:: Record excerpts ::

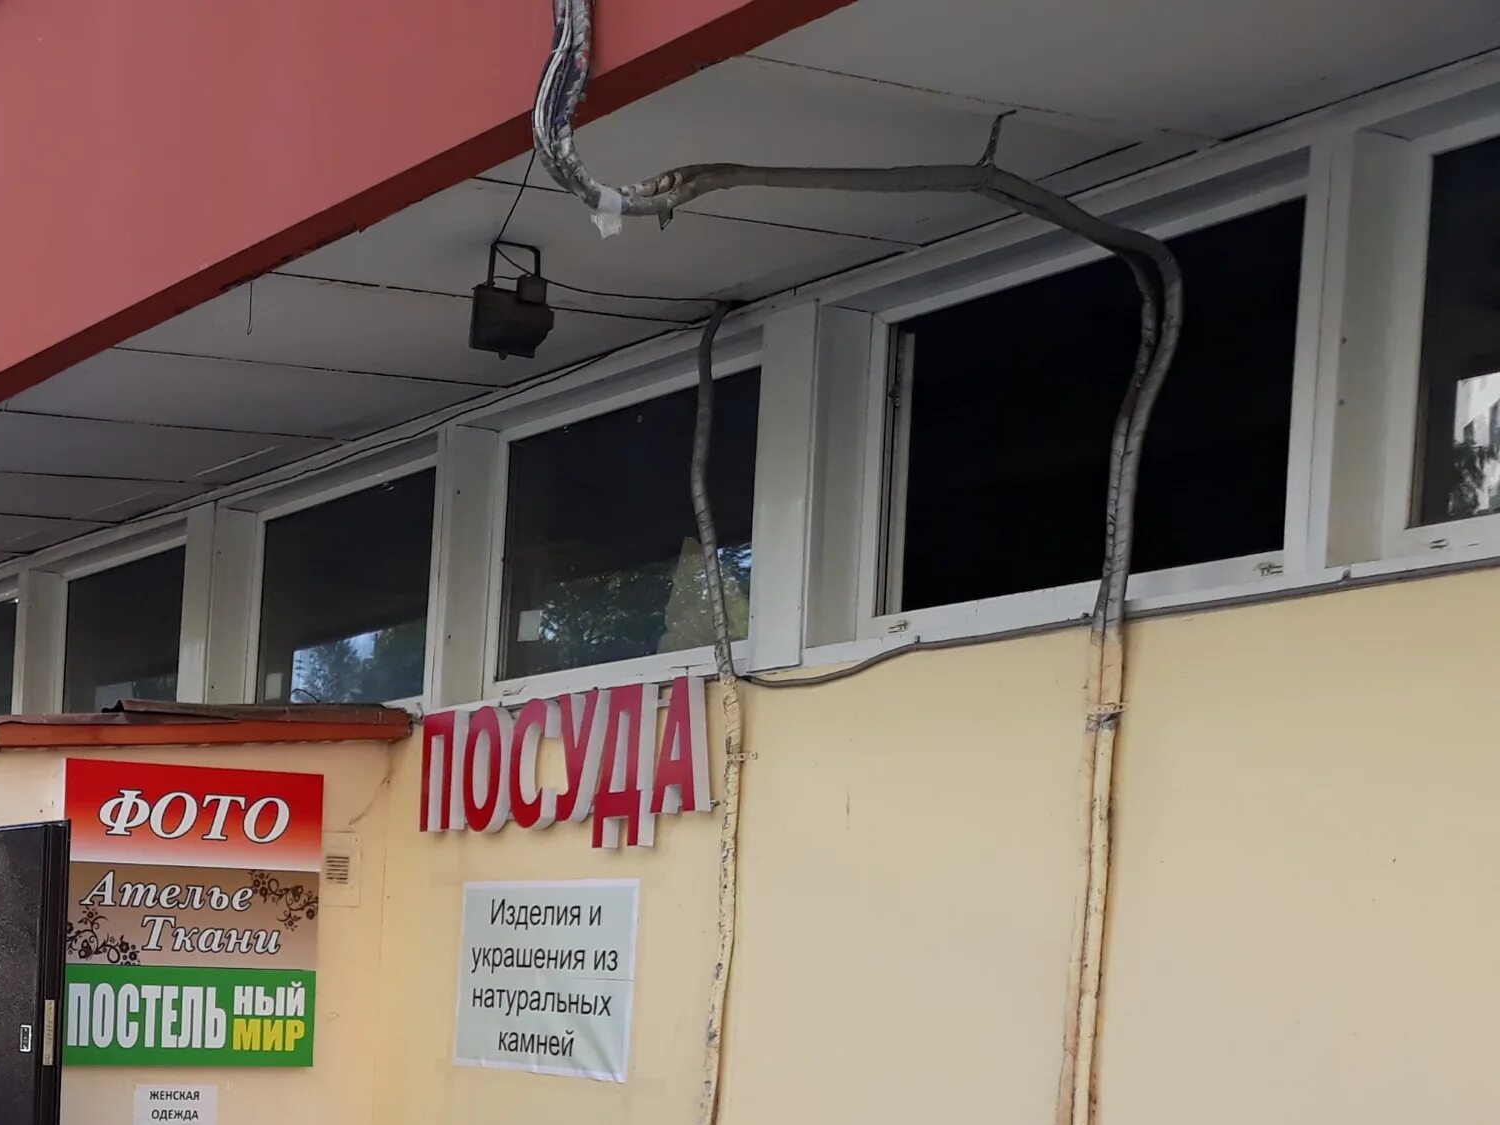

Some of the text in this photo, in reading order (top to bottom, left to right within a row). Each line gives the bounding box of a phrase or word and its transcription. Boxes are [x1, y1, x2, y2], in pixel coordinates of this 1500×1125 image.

[419, 676, 708, 848] ПОСУДА
[98, 788, 291, 844] ФОТО
[79, 870, 254, 913] Ателье
[490, 898, 602, 928] Изделия и
[140, 914, 282, 955] Ткани
[471, 944, 618, 974] украшения из
[472, 985, 612, 1017] натуральных
[232, 1018, 305, 1052] МИР
[498, 1028, 575, 1058] камней
[149, 1090, 200, 1101] ЖЕНСКАЯ
[151, 1109, 199, 1122] ОДЕЖДА
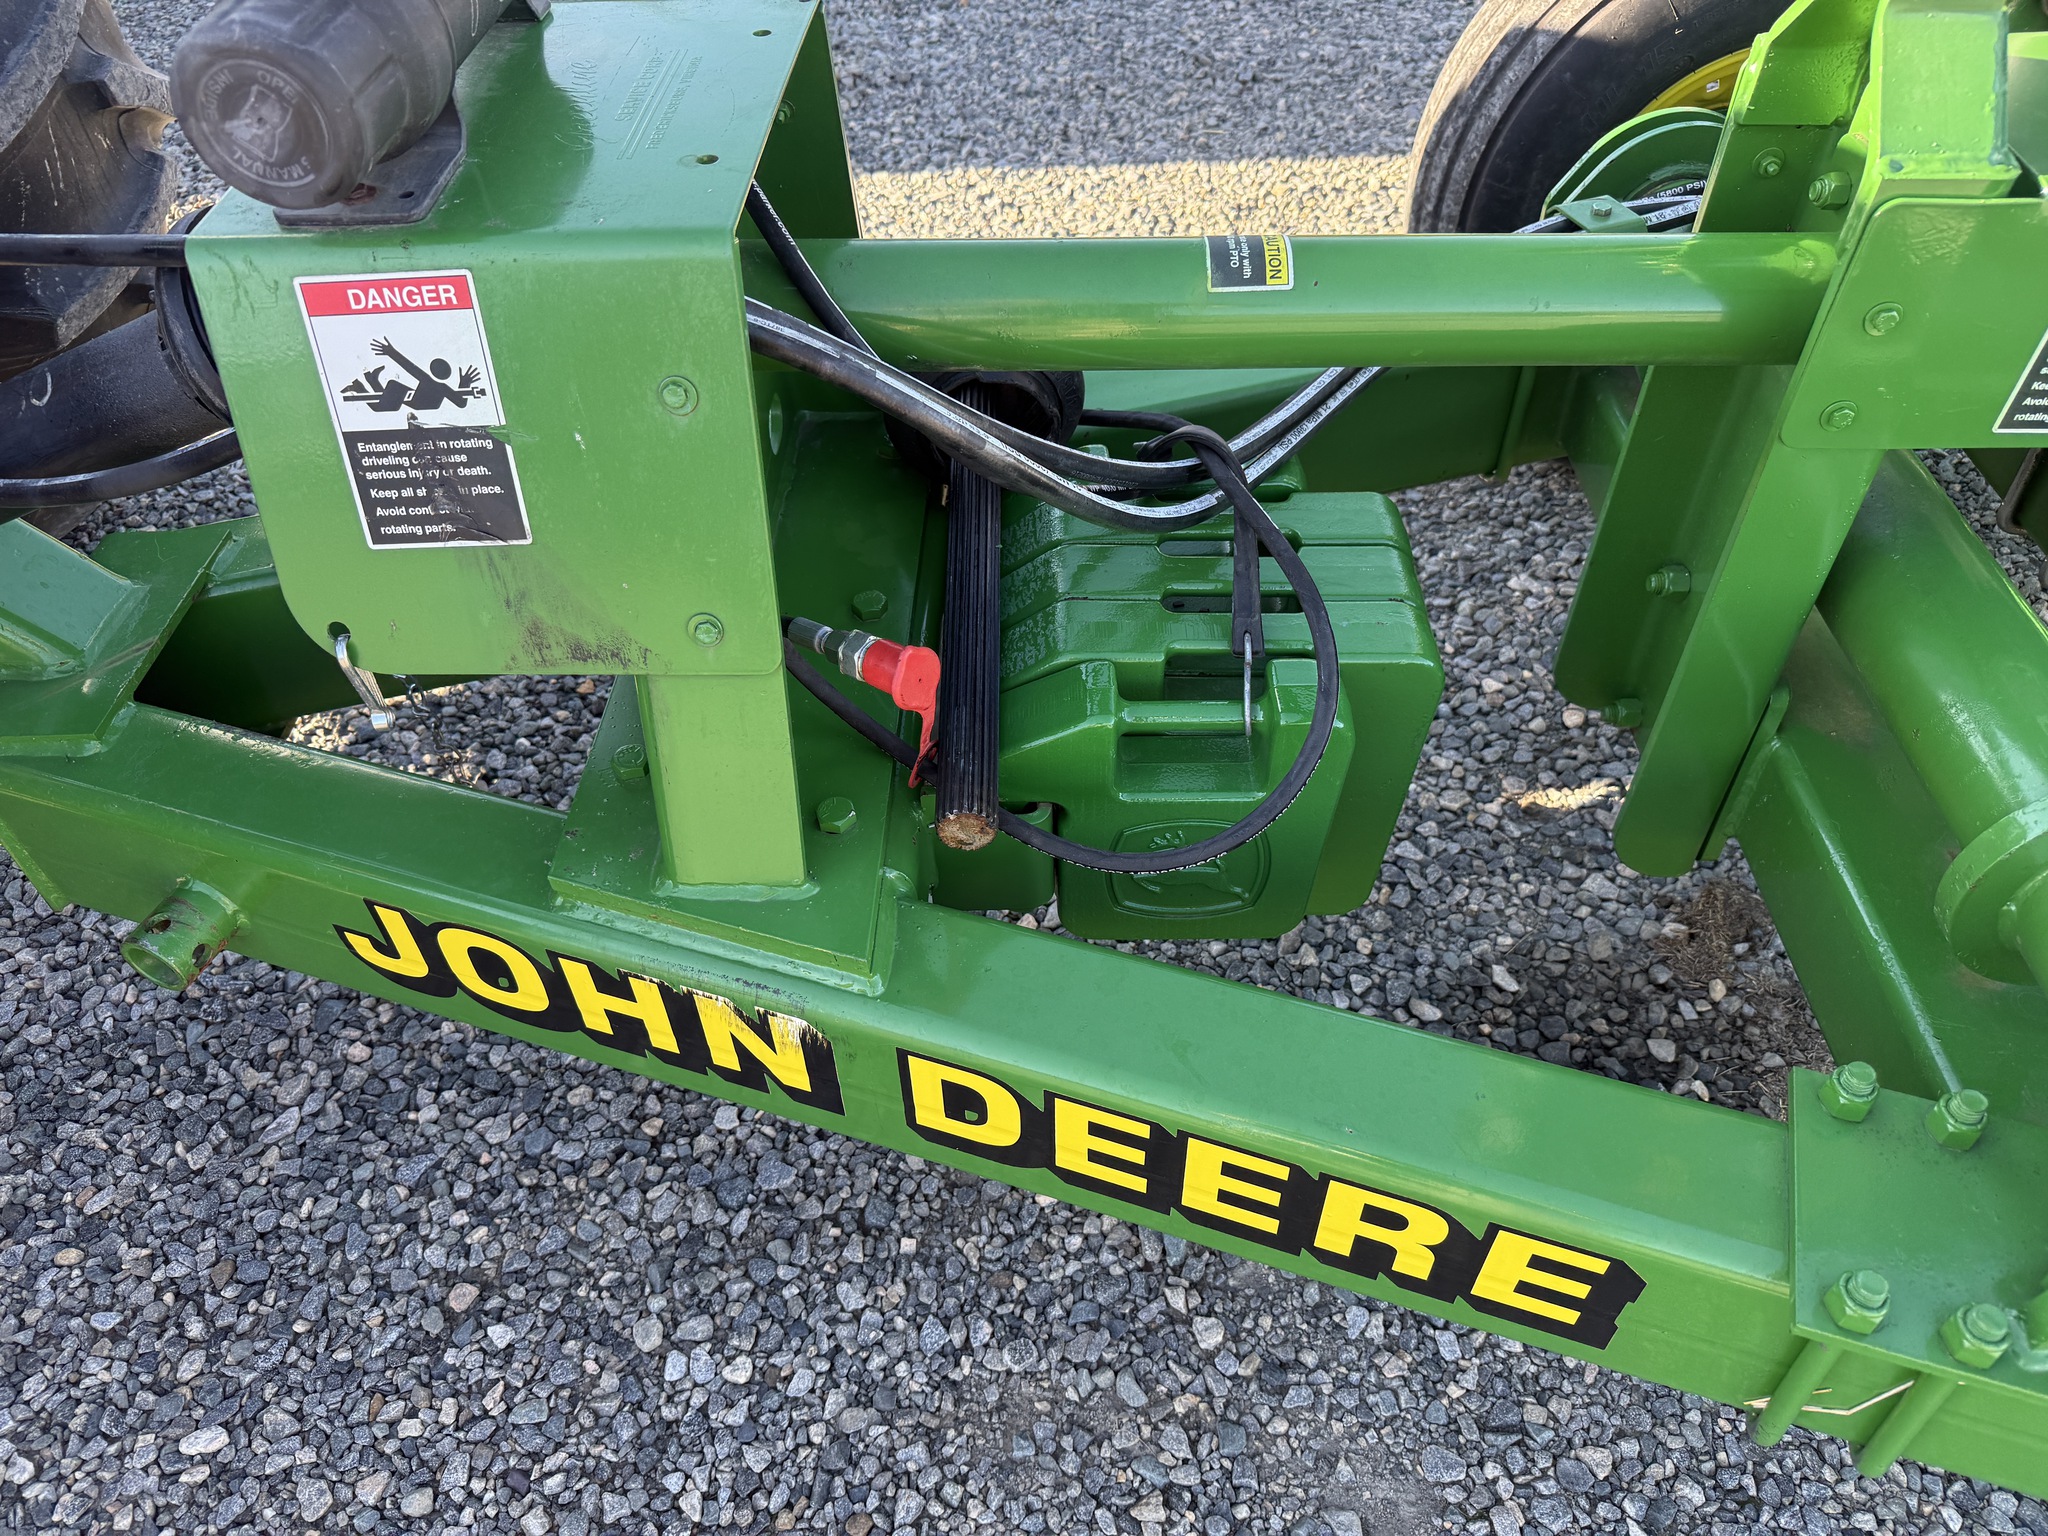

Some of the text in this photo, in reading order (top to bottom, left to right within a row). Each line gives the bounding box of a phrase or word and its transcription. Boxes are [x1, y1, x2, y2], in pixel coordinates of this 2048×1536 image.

[1240, 243, 1251, 257] only
[1265, 235, 1282, 280] AUTION
[1230, 250, 1240, 268] PTO
[1242, 258, 1252, 279] with
[347, 285, 459, 310] DANGER
[357, 441, 434, 454] Entanglemnt
[449, 437, 493, 449] rotating
[361, 455, 414, 467] driveling
[436, 454, 468, 463] cause
[365, 471, 407, 480] serious
[408, 468, 440, 481] injry
[457, 466, 492, 477] death.
[370, 487, 399, 500] Keep
[401, 486, 415, 497] all
[471, 484, 505, 496] place.
[376, 506, 406, 517] Avoid
[380, 524, 423, 536] rotating
[343, 905, 1611, 1325] JOHN DEERE

:::

Your goal. Each entry above should be restated word for word, though no picture may appear in the copy.

Answer to this problem.
Some of the text in this photo, in reading order (top to bottom, left to right within a row). Each line gives the bounding box of a phrase or word and its transcription. Boxes are [x1, y1, x2, y2], in pixel coordinates of this 1500×1125 image.

[419, 676, 708, 848] ПОСУДА
[98, 788, 291, 844] ФОТО
[79, 870, 254, 913] Ателье
[490, 898, 602, 928] Изделия и
[140, 914, 282, 955] Ткани
[471, 944, 618, 974] украшения из
[472, 985, 612, 1017] натуральных
[232, 1018, 305, 1052] МИР
[498, 1028, 575, 1058] камней
[149, 1090, 200, 1101] ЖЕНСКАЯ
[151, 1109, 199, 1122] ОДЕЖДА

Some of the text in this photo, in reading order (top to bottom, left to right within a row). Each line gives the bounding box of a phrase or word and its transcription. Boxes are [x1, y1, x2, y2], in pixel coordinates of this 2048×1536 image.

[1240, 243, 1251, 257] only
[1265, 235, 1282, 280] AUTION
[1230, 250, 1240, 268] PTO
[1242, 258, 1252, 279] with
[347, 285, 459, 310] DANGER
[357, 441, 434, 454] Entanglemnt
[449, 437, 493, 449] rotating
[361, 455, 414, 467] driveling
[436, 454, 468, 463] cause
[365, 471, 407, 480] serious
[408, 468, 440, 481] injry
[457, 466, 492, 477] death.
[370, 487, 399, 500] Keep
[401, 486, 415, 497] all
[471, 484, 505, 496] place.
[376, 506, 406, 517] Avoid
[380, 524, 423, 536] rotating
[343, 905, 1611, 1325] JOHN DEERE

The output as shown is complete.